Here, we show evidence of LNBA Yersinia pestis infections from two sites from different regions in Britain, suggesting that this lineage could have been widespread across Britain after the westward expansion of populations tracing ancestry to the Eurasian steppe. The LNBA Yersinia pestis lineage found in Britain belongs to a clade, which has undergone large losses of their genome, including the putative virulence factor yapC.

Results

Detection of Yersinia pestis in Bronze Age Britain

We sampled 34 individuals from two sites from the British Early Bronze Age—Charterhouse Warren and Levens Park—to screen for the presence of LNBA Yersinia pestis in Britain. We sampled teeth in ancient DNA cleanroom conditions and prepared double-indexed single-stranded DNA libraries, which we screened with 1.8 to 7.3 million paired-end reads each (Methods). We performed a metagenomic analysis in Kraken 217 and identified individuals with a substantial excess of k-mers matching Yersinia pestis compared to the closely related species Yersinia pseudotuberculosis (Methods). This analysis identified two individuals (C10091/1233b and C10098/6265) out of 30 screened for pathogen DNA from Charterhouse Warren Farm in Somerset, United Kingdom (see Methods for further contextual details). The site is a mass burial assemblage of disarticulated human remains that were likely deposited together in a single event in a natural shaft. The two sampled teeth were derived from children aged 12 ± 3 yr and 10 ± 3 yr, respectively. The mandible associated with the C10098 tooth (6265/10-year-old child) has been directly radiocarbon dated to 4145–3910 cal BP (95.4% confidence; OxA-37840: 3685 ± 30 BP, calibrated in OxCal v4.418 using IntCal2019), consistent with two previously published radiocarbon dates on human bones from this assemblage20. The other individual can be assumed to be of similar date.
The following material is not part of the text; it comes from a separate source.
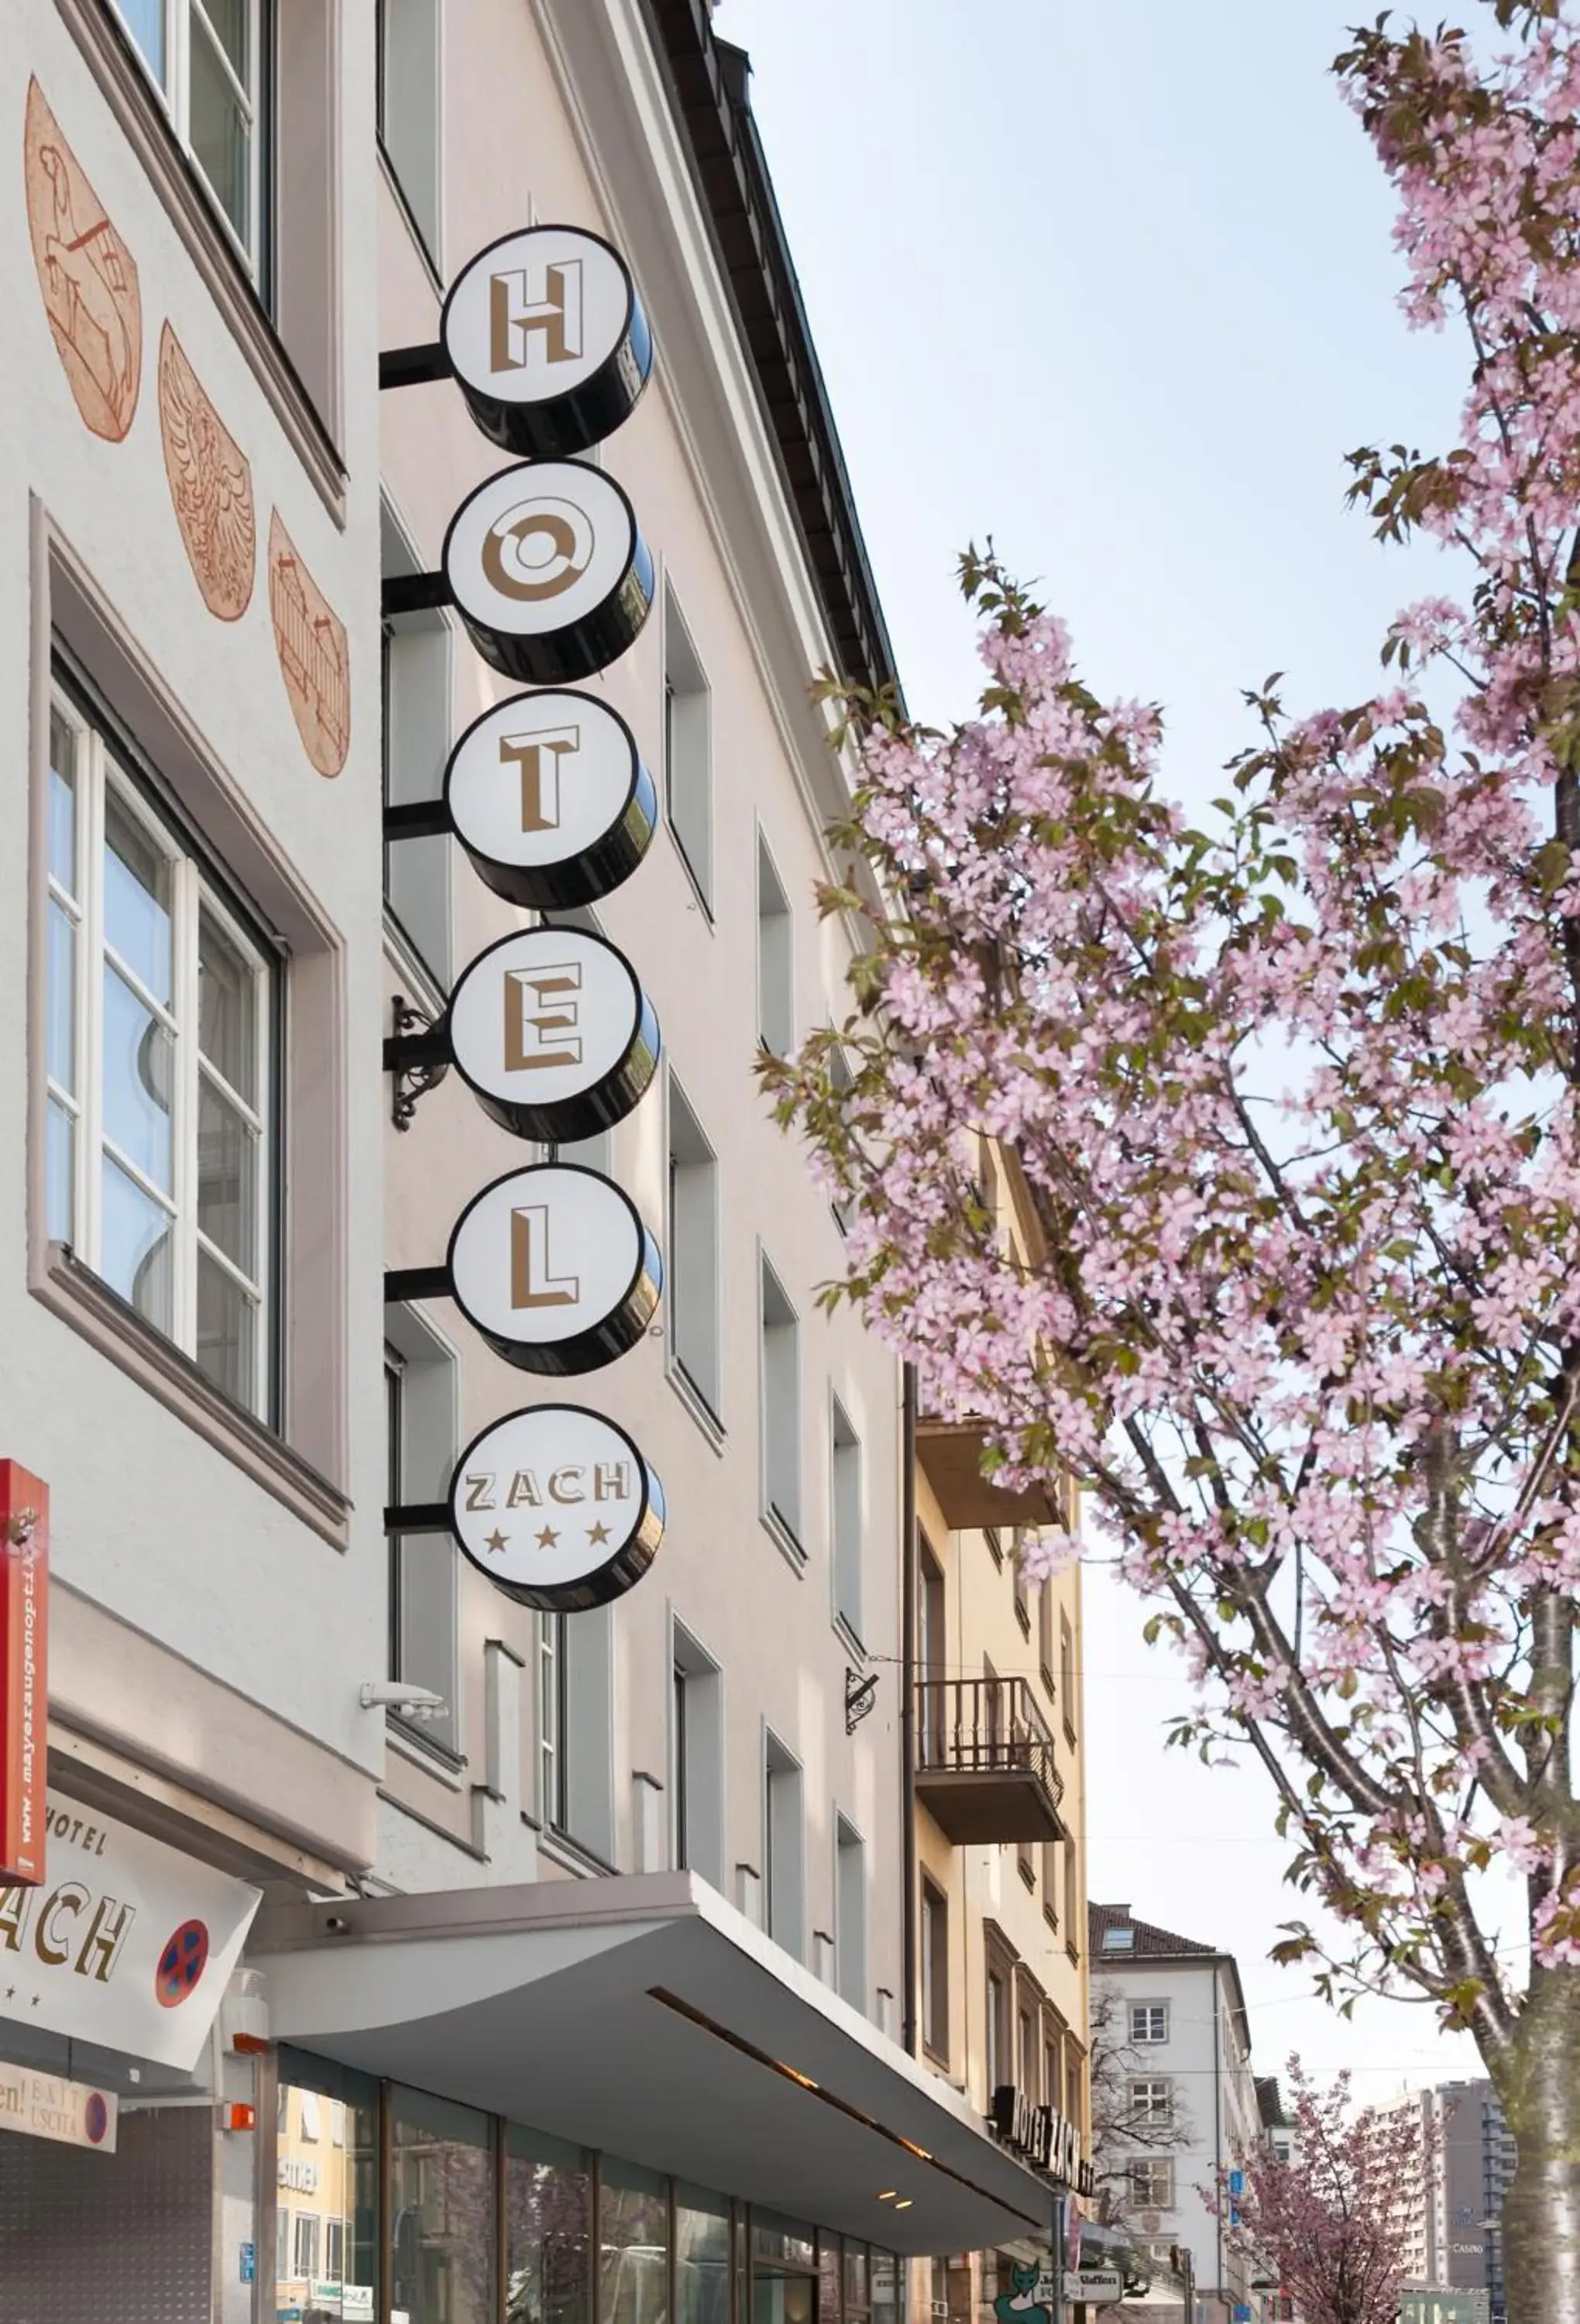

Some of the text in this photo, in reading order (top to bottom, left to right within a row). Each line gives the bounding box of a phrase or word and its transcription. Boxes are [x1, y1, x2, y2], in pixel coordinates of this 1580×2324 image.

In addition, our analysis identified Yersinia pestis in one of four individuals recovered from the Levens Park ring cairn monument in Levens, Cumbria, United Kingdom21,22 (see Methods for detailed archaeological context). One complete and three disturbed skeletons (Burials 1, 2, 3 and 4) were recovered from the monument and all have been directly dated to ca. 4300–3700 cal BP. We detected Yersinia pestis in a tooth from Burial 2 (C10928), a 35–45-year-old female recovered in a crouched position from a plank-lined grave (possibly a wooden coffin) and accompanied by Beaker pottery sherds. The skeleton has been directly dated to 4065–3780 cal BP (95.4% confidence, GU-51281: 3602 ± 33 BP22). Comparison of this radiocarbon date to the one obtained from Charterhouse C10098 suggests that we cannot reject the possibility that these two individuals were approximate contemporaries (χ2-test, df = 1, T = 2.746 (5% 3.841)).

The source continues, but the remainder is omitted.